The aggrecanases ADAMTS4 and ADAMTS5 were differentially expressed in response to a mechanical overload; ADAMTS4 expression was upregulated following impact injury while ADAMTS5 was downregulated. Both contribute to the degradation of human cartilage matrix under normal and inflammatory conditions [37], and both cleave the aggrecan core protein at the same sites [38]. Their differential expression may suggest that overall activity by aggrecanases is relatively unchanged immediately following cartilage injury. The expression pattern of ADAMTS5 also suggests the possibility that a repair response is activated by a mechanical overload in addition to an injury response. The distinct regulation of ADAMTS4 and ADAMTS5 with mechanical impact may indicate specific molecular signaling events in the chondrocyte response.
Collectively, data from the current study implicate SIRT1 deactivation as a key molecular event in chondrocyte injury following a mechanical impact overload. SIRT1 is deactivated within 5 min of a mechanical overload, indicating the very early involvement of this signaling pathway in the injury response. These data raise the possibility that SIRT1 may serve as a molecular target for the development of early interventions that can alter the progression from acute injury to PTOA. Additionally, as decreased SIRT1 signaling is associated with advanced age, these findings suggest that downregulated SIRT1 activity may be common to both age-related and injury-induced OA. SIRT1 regulation in cartilage injury suggests an interrelationship between the chondrocyte response to mechanical overload and aging at the cellular level, and may have implications regarding altered joint susceptibility to injury as individuals age. The current results lay a foundation for further studies defining the cellular response to mechanical overload to cartilage. A more complete understanding of molecular events mediating the chondrocyte injury response may guide efforts to treat or prevent the development of PTOA.
4. Materials and Methods
4.1. Tissue Harvest and Impact
Osteochondral cores were extracted from fresh bovine metacarpophalangeal joints (Mooresville Butcher Shop, Mooresville, IN, USA) from skeletally mature animals using a sterile 10 mm coring drill bit under a laminar flow hood using aseptic techniques. No more than two specimens were taken per joint. The osteochondral cores were cultured at 37 °C and 5% CO2 in defined medium [39] consisting of DMEM (Corning, Corning, NY, USA) supplemented with 1 mM sodium pyruvate, non-essential amino acids, ITS (Gibco, Waltham, MA, USA), and 50 µg/mL L-ascorbic acid (Sigma Aldrich, St. Louis, MO, USA). In some studies, explants were treated with SRT1720 HCl (AdooQ, Irvine, CA, USA) or DMSO (Sigma-Aldrich) vehicle 30 min prior to impact until the time of tissue harvest.

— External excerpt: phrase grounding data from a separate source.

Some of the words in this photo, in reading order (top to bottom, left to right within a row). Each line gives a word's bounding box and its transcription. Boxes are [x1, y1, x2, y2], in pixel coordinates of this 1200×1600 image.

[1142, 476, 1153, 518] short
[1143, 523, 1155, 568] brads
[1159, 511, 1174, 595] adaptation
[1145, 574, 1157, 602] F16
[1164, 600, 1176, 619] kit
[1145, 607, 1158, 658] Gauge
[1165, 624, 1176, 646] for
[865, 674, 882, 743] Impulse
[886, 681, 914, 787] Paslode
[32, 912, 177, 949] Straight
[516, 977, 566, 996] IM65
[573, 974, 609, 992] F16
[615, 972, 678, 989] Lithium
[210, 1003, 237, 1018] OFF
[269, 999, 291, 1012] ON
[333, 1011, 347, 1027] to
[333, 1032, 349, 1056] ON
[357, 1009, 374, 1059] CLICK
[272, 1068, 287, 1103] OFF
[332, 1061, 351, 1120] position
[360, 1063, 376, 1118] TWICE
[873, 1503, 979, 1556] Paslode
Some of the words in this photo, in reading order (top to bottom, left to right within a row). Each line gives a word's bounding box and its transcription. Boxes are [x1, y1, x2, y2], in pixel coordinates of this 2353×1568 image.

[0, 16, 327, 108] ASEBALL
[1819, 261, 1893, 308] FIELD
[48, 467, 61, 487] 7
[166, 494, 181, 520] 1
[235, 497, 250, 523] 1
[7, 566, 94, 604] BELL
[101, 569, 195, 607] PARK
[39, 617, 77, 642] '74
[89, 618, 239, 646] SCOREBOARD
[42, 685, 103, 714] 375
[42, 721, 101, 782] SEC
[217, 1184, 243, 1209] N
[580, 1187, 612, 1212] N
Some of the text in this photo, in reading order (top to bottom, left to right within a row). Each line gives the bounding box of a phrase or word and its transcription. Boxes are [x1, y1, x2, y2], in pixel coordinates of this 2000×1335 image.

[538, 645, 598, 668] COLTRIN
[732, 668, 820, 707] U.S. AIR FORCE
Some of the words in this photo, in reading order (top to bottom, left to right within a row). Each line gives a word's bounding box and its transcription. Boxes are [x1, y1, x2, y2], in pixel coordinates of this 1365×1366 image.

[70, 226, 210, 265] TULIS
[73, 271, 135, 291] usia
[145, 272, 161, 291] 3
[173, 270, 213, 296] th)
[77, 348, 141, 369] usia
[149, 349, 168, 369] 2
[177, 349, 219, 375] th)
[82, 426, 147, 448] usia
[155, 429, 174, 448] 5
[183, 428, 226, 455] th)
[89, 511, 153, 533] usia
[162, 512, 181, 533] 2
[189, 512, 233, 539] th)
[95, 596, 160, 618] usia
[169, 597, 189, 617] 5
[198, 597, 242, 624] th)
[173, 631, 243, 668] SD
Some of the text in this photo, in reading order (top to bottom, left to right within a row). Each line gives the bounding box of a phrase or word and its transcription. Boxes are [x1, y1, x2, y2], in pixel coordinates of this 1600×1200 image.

After 24 h in culture, osteochondral cores were impacted using a previously described drop tower [40]. Specimens were placed into a holder with the articular surface facing downward onto a mirror-polished stainless steel plate under aseptic conditions (Figure 1A). A carriage instrumented with a load cell and accelerometer (both manufactured by Kistler, Winterhur, Switzerland) was released from a height of 5 cm under the force of gravity to impact the explant. Data from the load cell and accelerometer were collected at 100 kHz using a laptop connected to a data acquisition module (National Instruments, Austin, TX, USA) and custom Labview code (National Instruments). Data were filtered and analyzed with a custom MATLAB script (MathWorks, Natick, MA, USA) to determine impact characteristics. Non-impacted specimens were placed in the holder, but the drop tower carriage was not released. Cartilage was separated from the bone and cultured for up to 24 h.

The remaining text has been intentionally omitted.